Task details> Return the listing below unchanged, except that the pictures are dropped.

[Records to use — start]

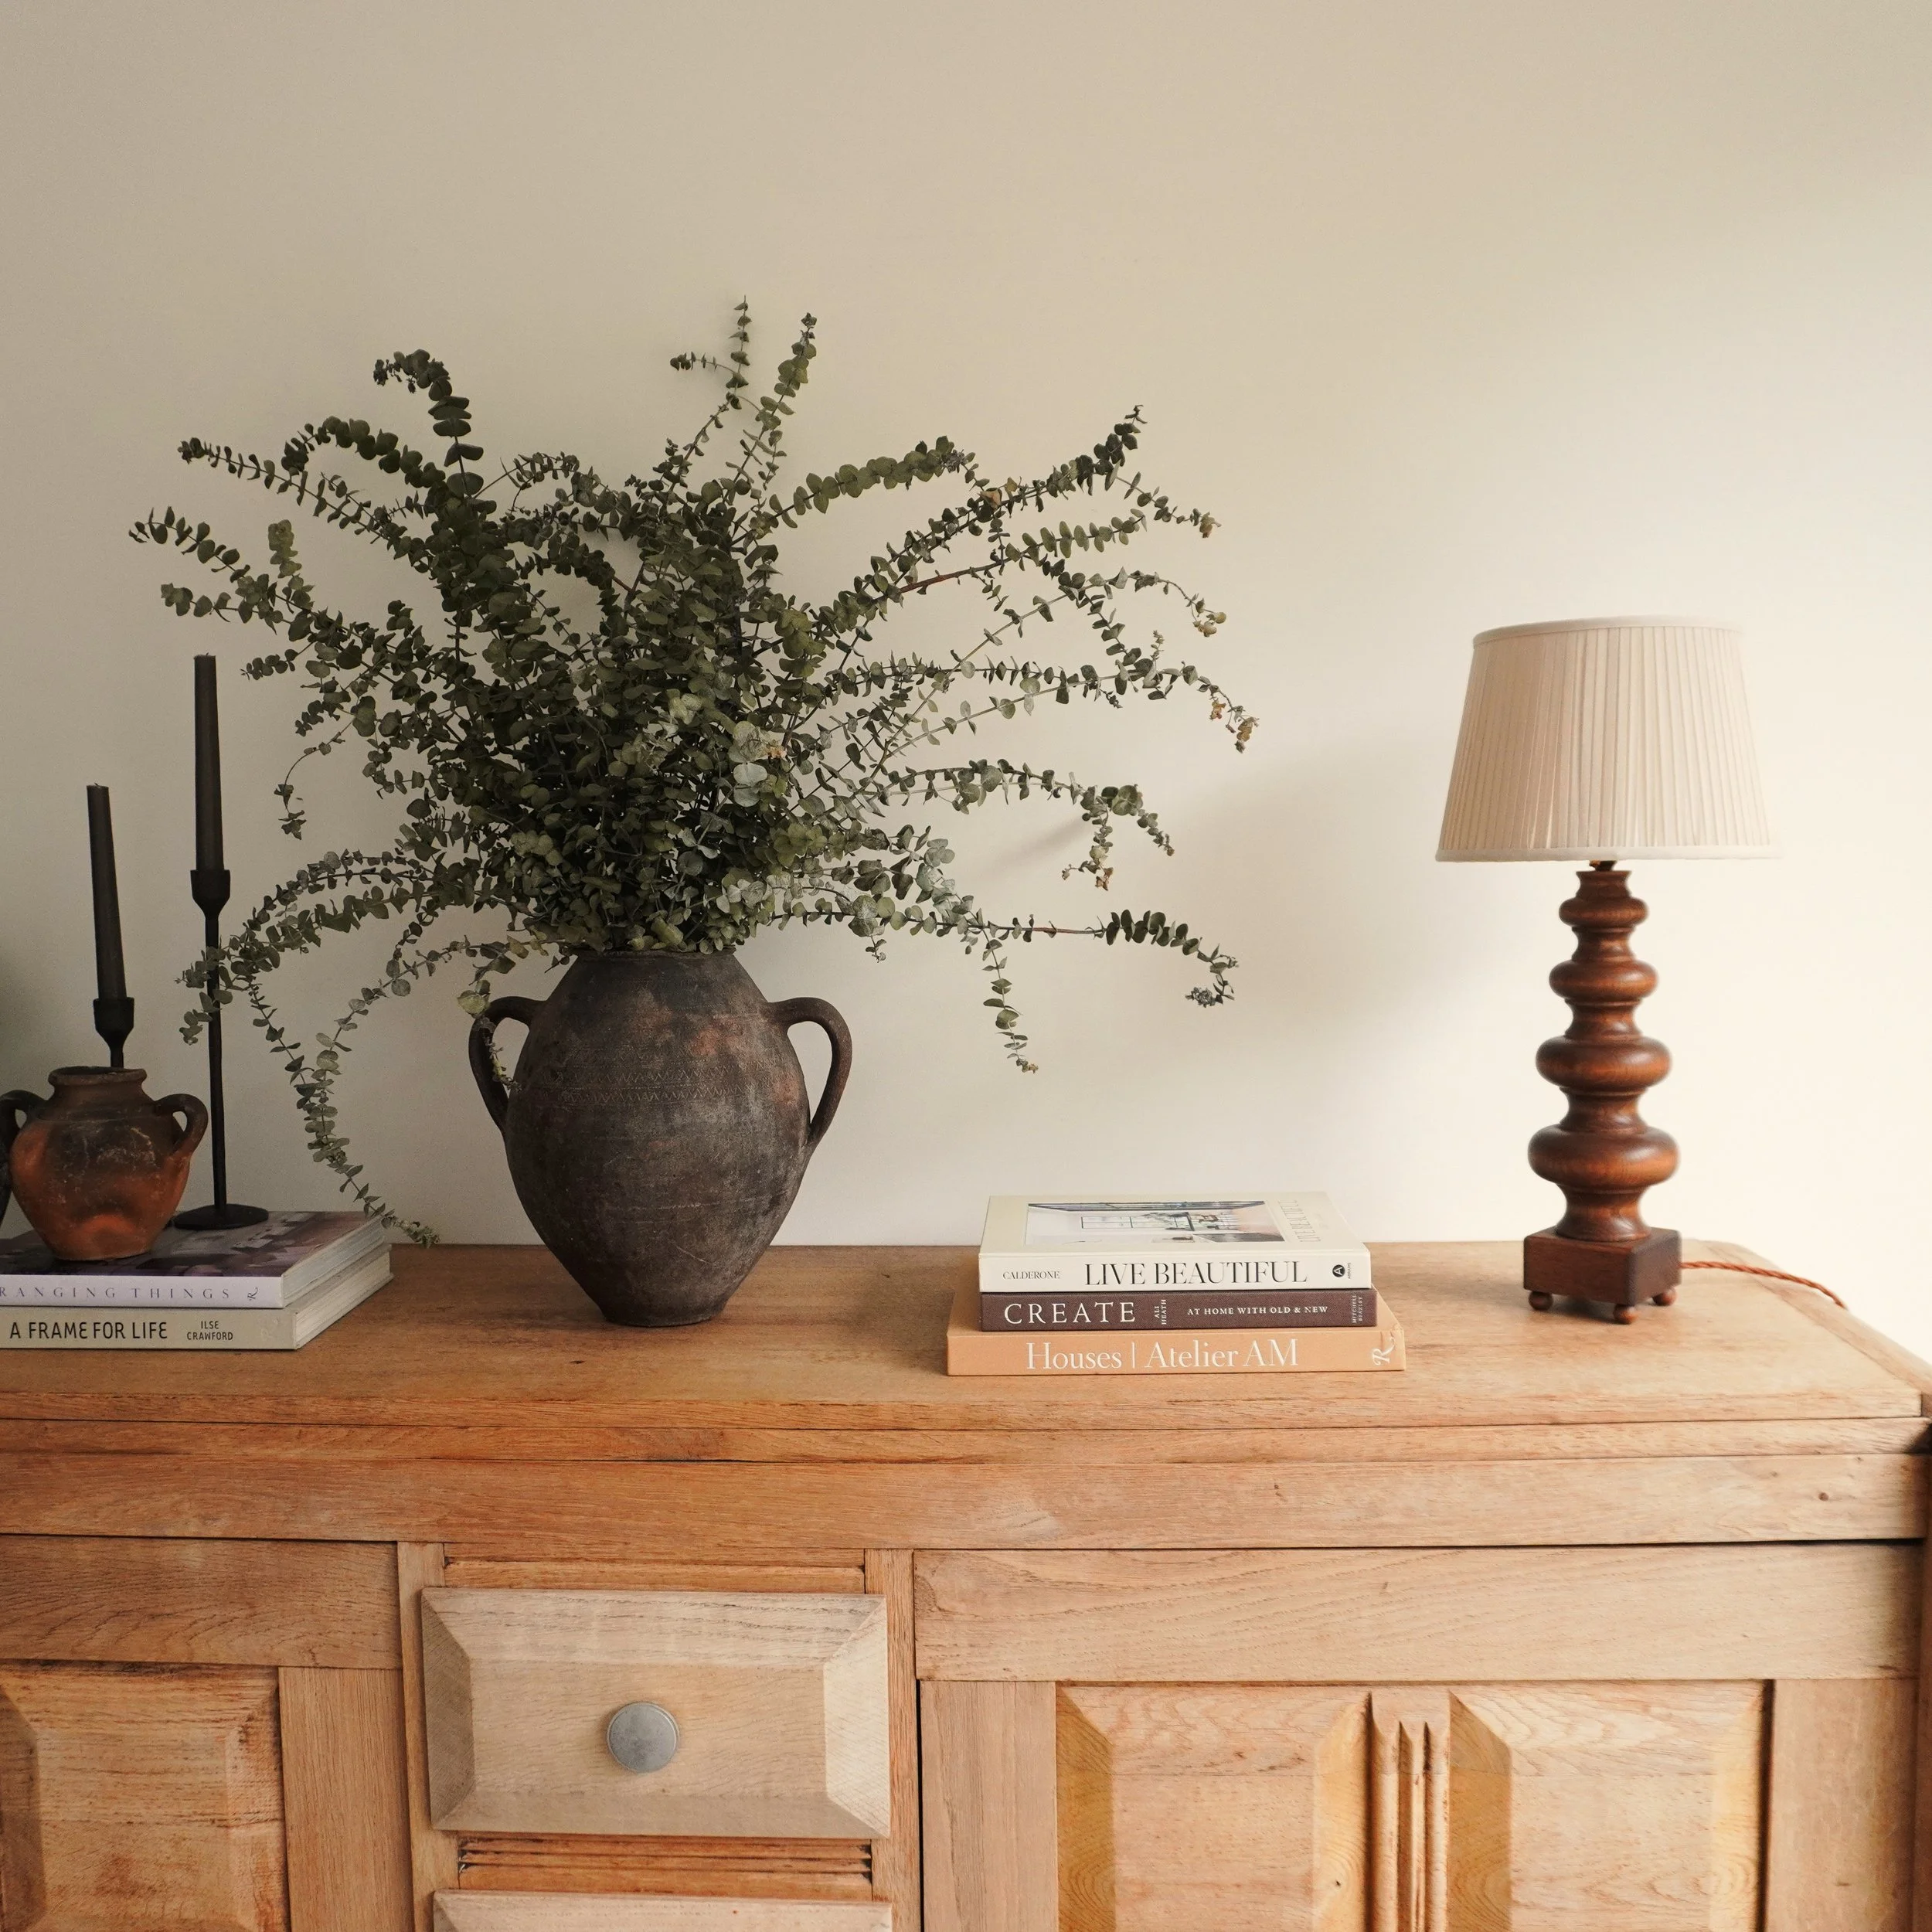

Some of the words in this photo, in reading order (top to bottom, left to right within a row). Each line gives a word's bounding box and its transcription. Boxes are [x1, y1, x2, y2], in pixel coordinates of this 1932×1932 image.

[1002, 1270, 1060, 1280] CALDERONE
[1084, 1263, 1146, 1285] LIVE
[1154, 1260, 1308, 1284] BEAUTIFUL
[0, 1286, 115, 1298] RANGING
[131, 1287, 230, 1299] THINGS
[1004, 1301, 1136, 1325] CREATE
[10, 1321, 21, 1339] A
[29, 1321, 87, 1339] FRAME
[94, 1321, 126, 1339] FOR
[132, 1321, 168, 1339] LIFE
[200, 1321, 219, 1329] ILSE
[186, 1332, 233, 1341] CRAWFORD
[1026, 1342, 1122, 1370] Houses
[1144, 1339, 1239, 1369] Atelier
[1242, 1338, 1298, 1367] AM

[Records to use — finish]

Worked solution>
Some of the words in this photo, in reading order (top to bottom, left to right within a row). Each line gives a word's bounding box and its transcription. Boxes are [x1, y1, x2, y2], in pixel coordinates of this 1932×1932 image.

[1002, 1270, 1060, 1280] CALDERONE
[1084, 1263, 1146, 1285] LIVE
[1154, 1260, 1308, 1284] BEAUTIFUL
[0, 1286, 115, 1298] RANGING
[131, 1287, 230, 1299] THINGS
[1004, 1301, 1136, 1325] CREATE
[10, 1321, 21, 1339] A
[29, 1321, 87, 1339] FRAME
[94, 1321, 126, 1339] FOR
[132, 1321, 168, 1339] LIFE
[200, 1321, 219, 1329] ILSE
[186, 1332, 233, 1341] CRAWFORD
[1026, 1342, 1122, 1370] Houses
[1144, 1339, 1239, 1369] Atelier
[1242, 1338, 1298, 1367] AM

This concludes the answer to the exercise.